- _Task_: Each line below should be repeated exactly, but no picture should be carried over.

- _Task data_:
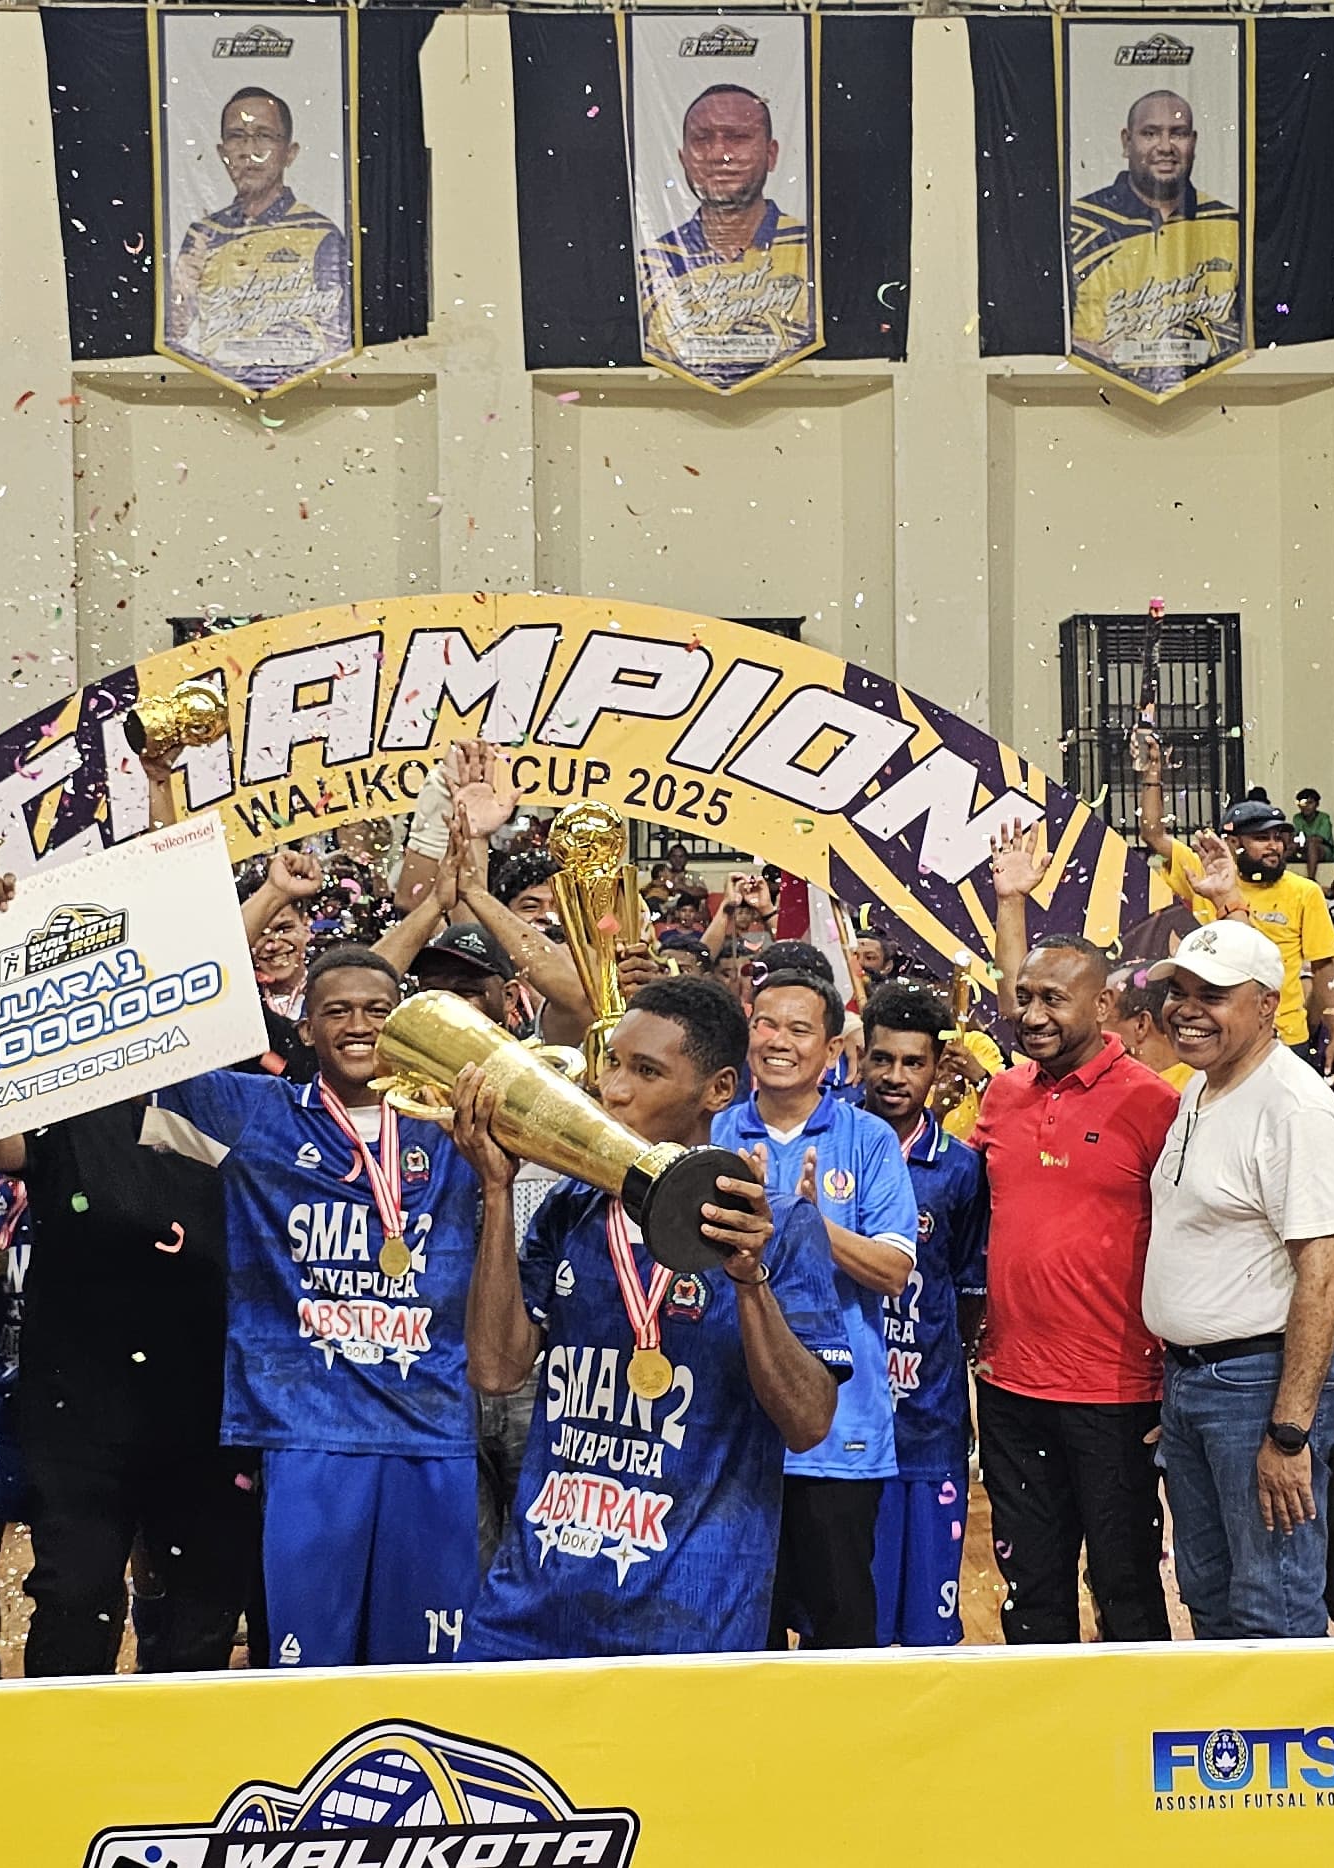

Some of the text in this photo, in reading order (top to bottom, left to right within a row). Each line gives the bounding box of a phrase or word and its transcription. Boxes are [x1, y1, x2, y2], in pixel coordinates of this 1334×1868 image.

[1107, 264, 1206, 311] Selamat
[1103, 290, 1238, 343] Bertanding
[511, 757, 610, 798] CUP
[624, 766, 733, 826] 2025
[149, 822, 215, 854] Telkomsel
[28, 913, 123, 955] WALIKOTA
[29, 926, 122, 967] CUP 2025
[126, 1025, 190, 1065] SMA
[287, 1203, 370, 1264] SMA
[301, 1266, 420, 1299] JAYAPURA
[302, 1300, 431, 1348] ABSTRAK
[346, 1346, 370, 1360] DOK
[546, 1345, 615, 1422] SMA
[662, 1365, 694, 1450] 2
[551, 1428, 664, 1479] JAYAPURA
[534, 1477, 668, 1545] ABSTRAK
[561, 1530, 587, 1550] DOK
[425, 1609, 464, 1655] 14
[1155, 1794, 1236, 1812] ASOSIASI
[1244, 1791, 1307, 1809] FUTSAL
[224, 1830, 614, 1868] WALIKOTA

- _Answer to this task_:
Some of the text in this photo, in reading order (top to bottom, left to right within a row). Each line gives the bounding box of a phrase or word and its transcription. Boxes are [x1, y1, x2, y2], in pixel coordinates of this 1334×1868 image.

[1107, 264, 1206, 311] Selamat
[1103, 290, 1238, 343] Bertanding
[511, 757, 610, 798] CUP
[624, 766, 733, 826] 2025
[149, 822, 215, 854] Telkomsel
[28, 913, 123, 955] WALIKOTA
[29, 926, 122, 967] CUP 2025
[126, 1025, 190, 1065] SMA
[287, 1203, 370, 1264] SMA
[301, 1266, 420, 1299] JAYAPURA
[302, 1300, 431, 1348] ABSTRAK
[346, 1346, 370, 1360] DOK
[546, 1345, 615, 1422] SMA
[662, 1365, 694, 1450] 2
[551, 1428, 664, 1479] JAYAPURA
[534, 1477, 668, 1545] ABSTRAK
[561, 1530, 587, 1550] DOK
[425, 1609, 464, 1655] 14
[1155, 1794, 1236, 1812] ASOSIASI
[1244, 1791, 1307, 1809] FUTSAL
[224, 1830, 614, 1868] WALIKOTA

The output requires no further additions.